Originally published on Autostraddle and republished here with their permission.
(Content Warnings: Sexual Violence, Substance Abuse, Eating Disorder)
I’m sharing my story for a number of reasons.
The first reason is that on the most basic level, it helps to share.
Sometimes we survivors feel very alone. We might tell ourselves that no one understands, or that no one wants to hear what we have to say. I would like you to know that you are not alone.
Your pain is valid and legitimate and there are so many others out there who love and support you. We don’t need you to prove anything to us.
We don’t need you to fulfill an expectation, because we know how hard it is to feel like you’re going to let down the ones you love. We simply love you.
The second reason is that being a queer survivor has its own unique bundle of burdens and trials, and when looking for support, it was hard for me to find resources on how to deal with gender and sexuality as a survivor.
I hope my story lends a perspective where it’s needed. I don’t have all the answers, but I’m willing to give my testimony in their place.

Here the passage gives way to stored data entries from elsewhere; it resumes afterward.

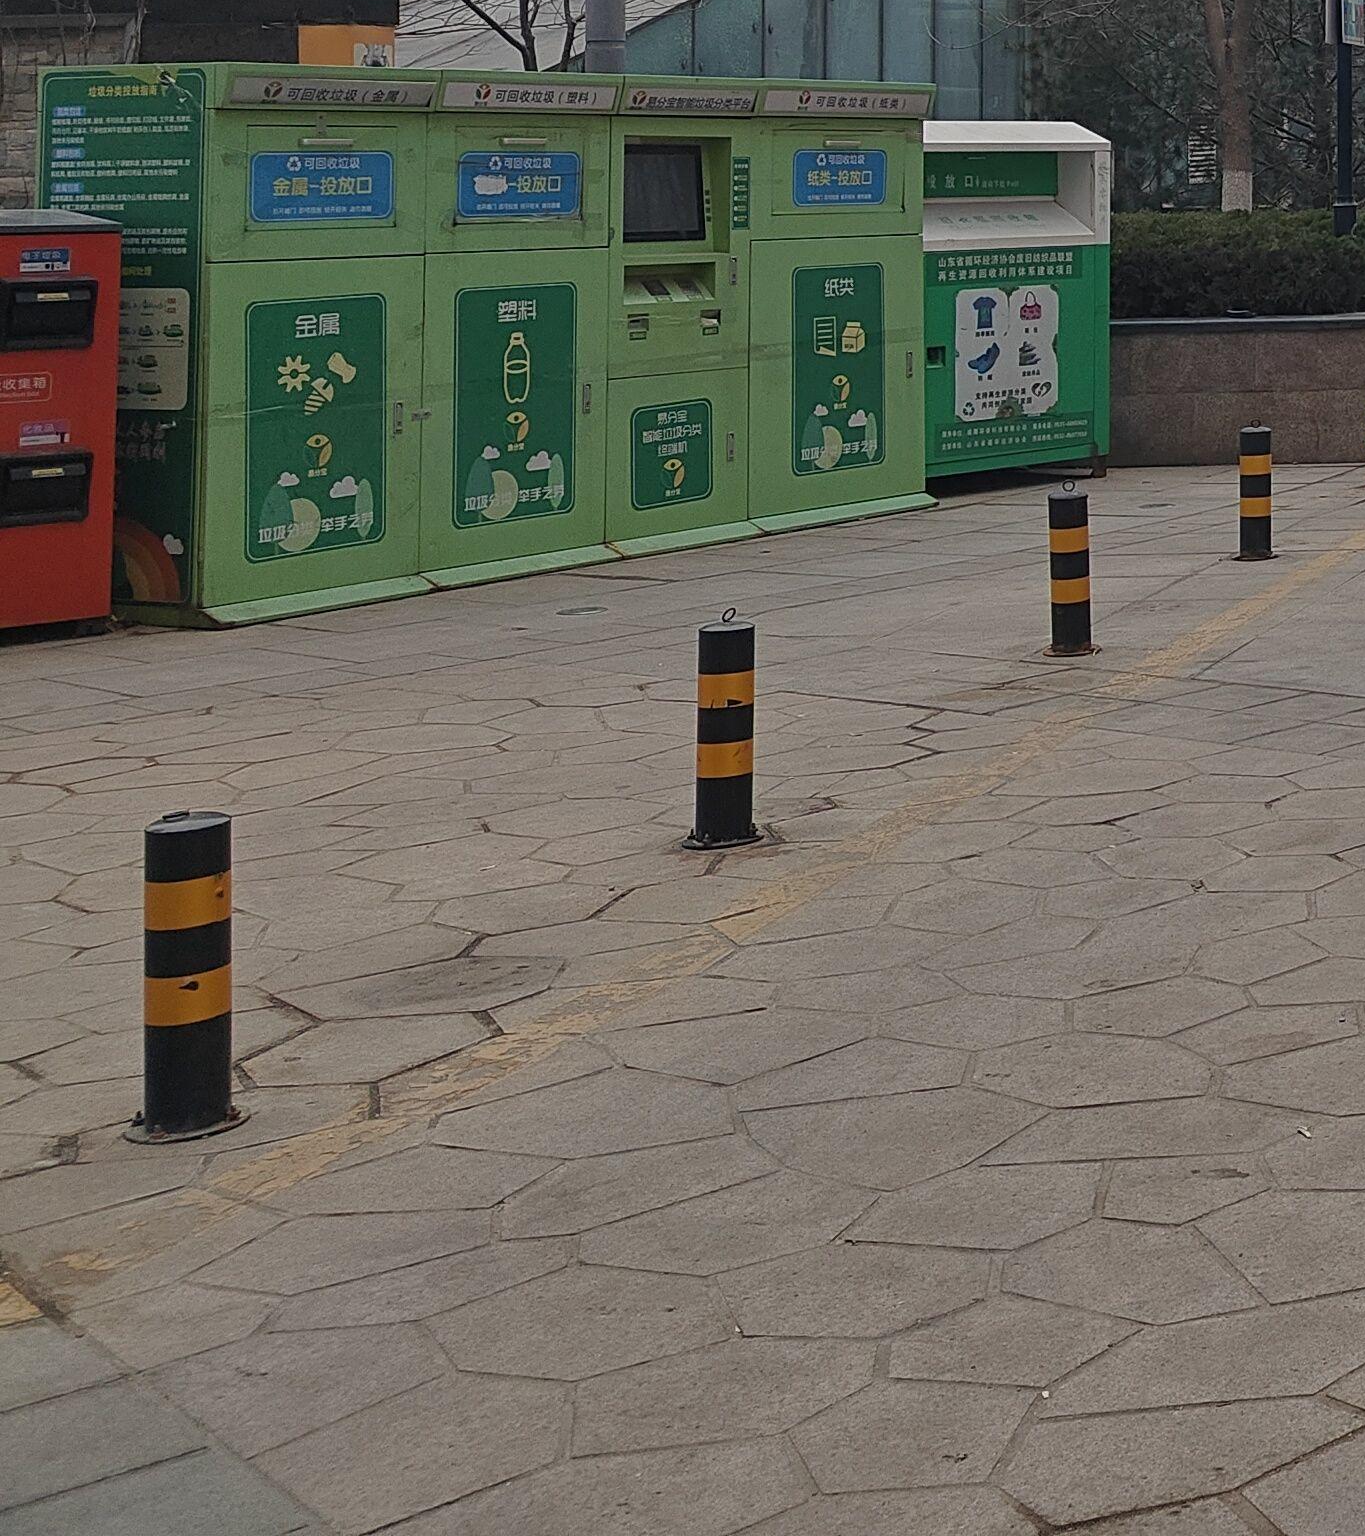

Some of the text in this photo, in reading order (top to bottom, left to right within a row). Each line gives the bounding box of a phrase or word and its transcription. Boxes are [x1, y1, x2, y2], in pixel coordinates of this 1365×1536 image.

[495, 88, 598, 105] 可回收垃圾（塑料）
[816, 96, 907, 110] 可回收垃圾（纸类）
[304, 157, 360, 169] 可回收垃圾
[504, 157, 552, 169] 可回收垃圾
[828, 154, 866, 164] 可回收垃圾
[824, 277, 855, 298] 纸类
[497, 299, 537, 323] 塑料
[294, 312, 340, 339] 金属
[0, 376, 47, 390] 收集箱
[657, 410, 688, 425] 易分宝
[642, 423, 702, 444] 智能垃圾分类
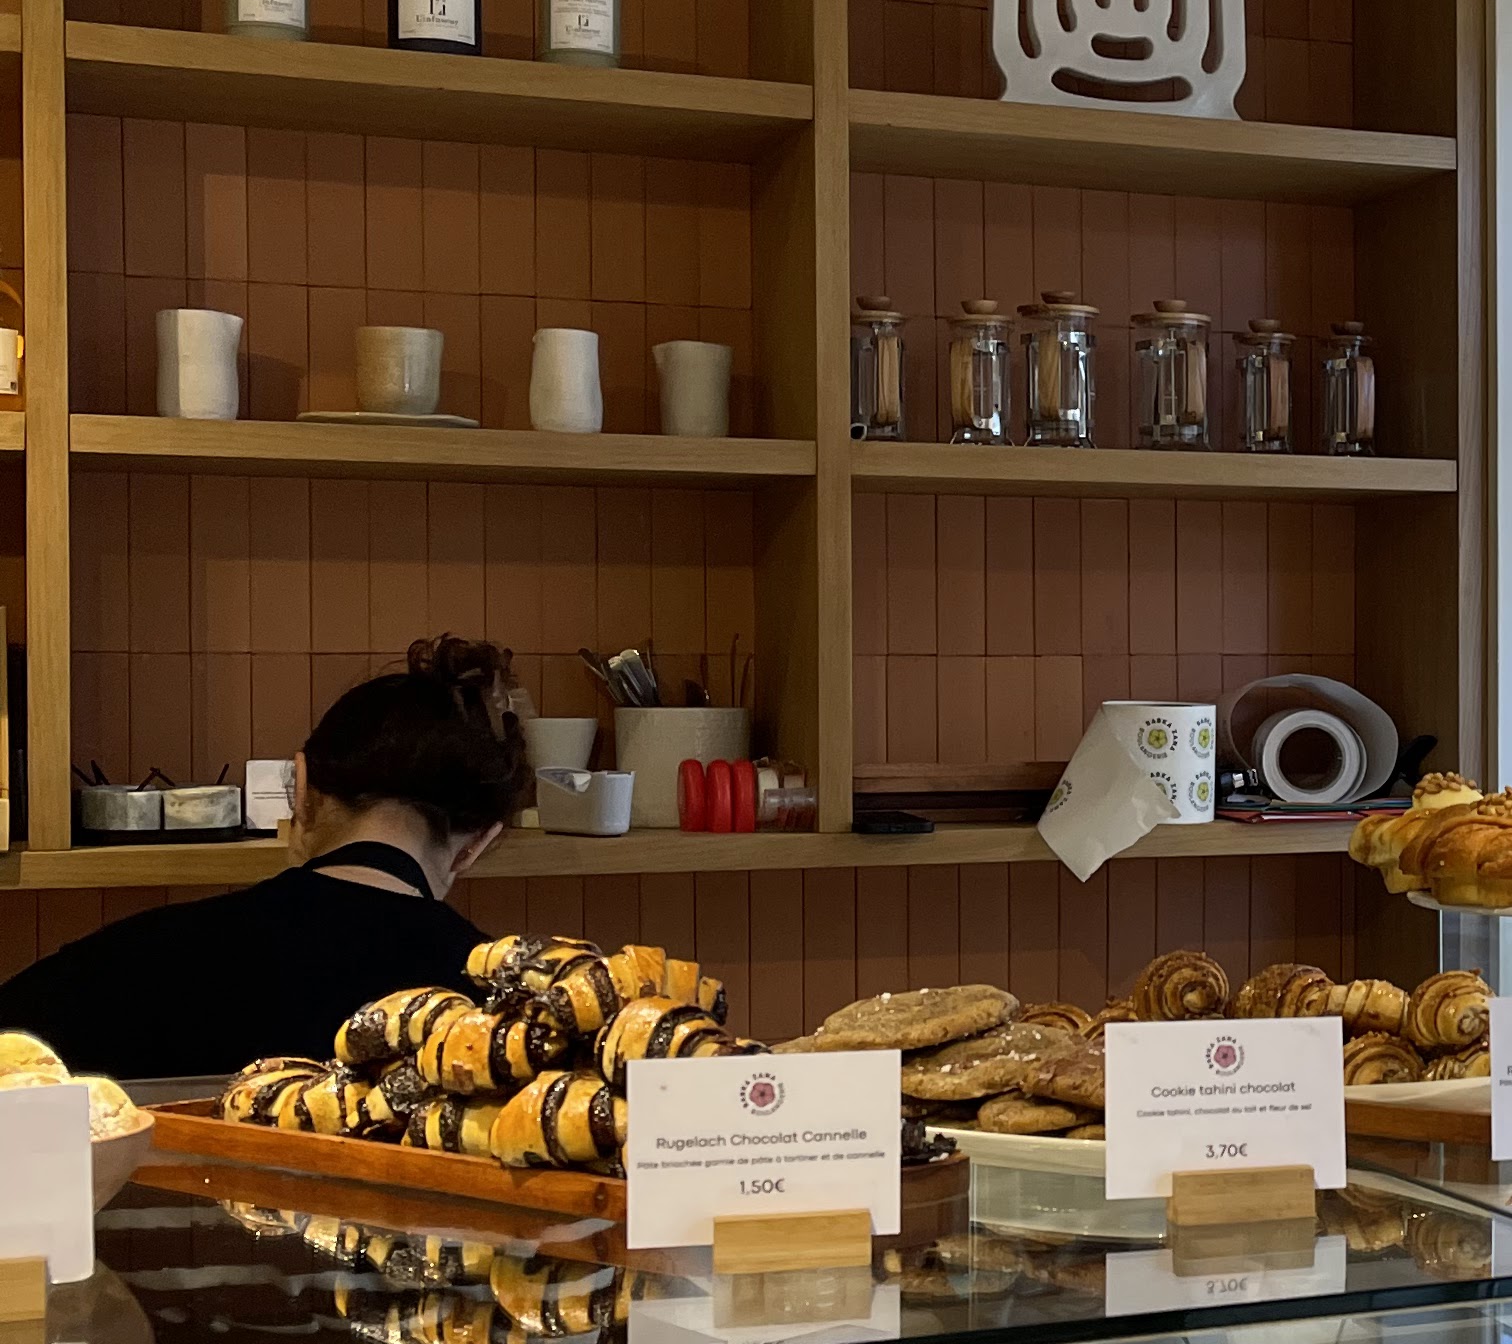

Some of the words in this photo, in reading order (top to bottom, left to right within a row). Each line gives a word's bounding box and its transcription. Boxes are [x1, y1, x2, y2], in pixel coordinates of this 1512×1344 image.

[1145, 717, 1172, 728] BABKA
[1170, 729, 1178, 751] ZANA
[1150, 771, 1171, 782] ABKA
[1151, 1085, 1196, 1098] Cookie
[1199, 1082, 1236, 1096] tahini
[1239, 1080, 1296, 1095] chocolat
[656, 1134, 726, 1151] Rugelach
[730, 1131, 797, 1147] Chocolat
[802, 1129, 867, 1144] Cannelle
[1205, 1143, 1248, 1159] 3,70€
[740, 1178, 785, 1196] 1,50€

The third reason is that sometimes I need help. Sometimes my days are very dark and it’s hard for me to express the ways in which I need to be treated, or talked to, or left alone.
For those of us who have trouble asking for assistance, or knowing when it’s time to ask for it, maybe this testimony will help explain what’s going on. And if you’re an ally, maybe you’ll find ways to be even better for the survivors in your life.

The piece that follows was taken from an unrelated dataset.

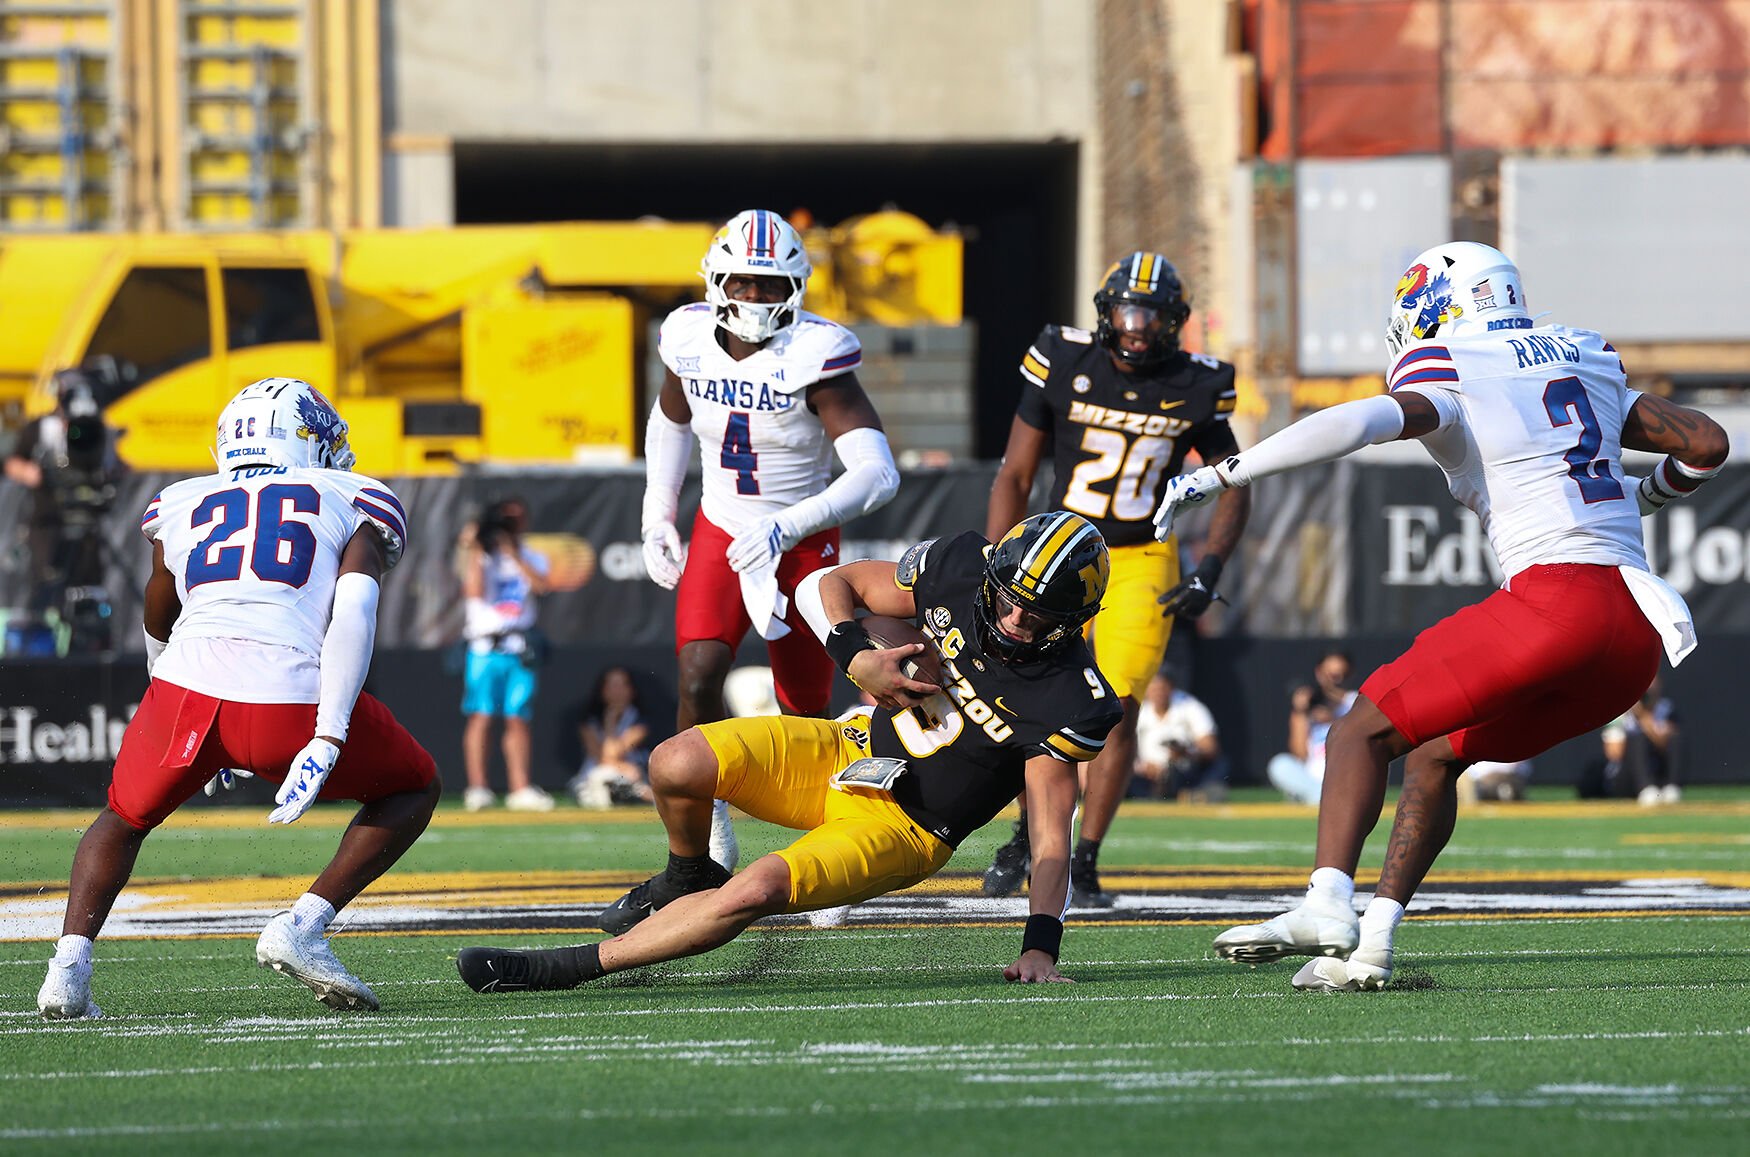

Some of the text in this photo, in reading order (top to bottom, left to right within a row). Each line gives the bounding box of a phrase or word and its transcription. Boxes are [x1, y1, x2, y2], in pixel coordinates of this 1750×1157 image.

I turned 18 in August of 2008. There are pictures of me on my birthday: the least flattering haircut of my life, my hands thrust into my Bryn Mawr sweatshirt, giving the camera a shit-eating grin from the hood of my friend’s car.
I clung to the future like an IV line, feeding off the rush of the potential, the almost-there-but-not-quite. I wanted to get out of my podunk town. I wanted to read a library’s worth of books.

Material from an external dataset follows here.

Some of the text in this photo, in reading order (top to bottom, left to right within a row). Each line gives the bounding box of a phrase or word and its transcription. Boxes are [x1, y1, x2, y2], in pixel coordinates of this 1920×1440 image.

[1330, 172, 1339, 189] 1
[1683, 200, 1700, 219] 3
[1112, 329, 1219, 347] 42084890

I wanted to talk to people who had big thoughts, and learn to have big thoughts of my own. I thought maybe, just maybe, I would no longer be the awkward girl I’d always seen in the mirror, the one who had chronic acne and a long list of fears.
I would be someone worthwhile, the someone I was supposed to be.
For two months that fall, I experienced a strange and beautiful period of my life. I lived on my own for the first time. I fell hard for the girl down the hall who would later be my first girlfriend.
I drank cheap liquor because I didn’t know any better, and danced at sweaty parties until my legs gave out. I went into my first real city and saw paintings and big stores and people who looked nothing like the people from my town.
The entire world swirled around me at a frenetic and thrilling pace, and I forgot to call my parents, forgot that anything had ever existed before I’d stepped into this incredible new life.
And then, without warning, the world stopped spinning.
On November 1st of 2008, I walked a man into my dorm room. When I asked him to leave, he locked the door and raped me.
I didn’t use the word rape for a long time. I called it sexual assault at first. Sexual assault seemed less damning, less permanent. I told absolutely no one the exact details.
If I had to tell, I told vague half-truths. I didn’t want to believe it had happened. I didn’t want it to be real, so I told myself it wasn’t. I made up a version of it that didn’t make me as terrified and miserable, and that’s the version my closest friends heard.
It took me two years to use the word rape.
And it took me two and a half to admit that I had been violated in a very violent and very wrong way. It’s taken me five years to believe I didn’t deserve it, and it will probably take me even more to realize that I’m a stable and totally fine person.
This is all okay.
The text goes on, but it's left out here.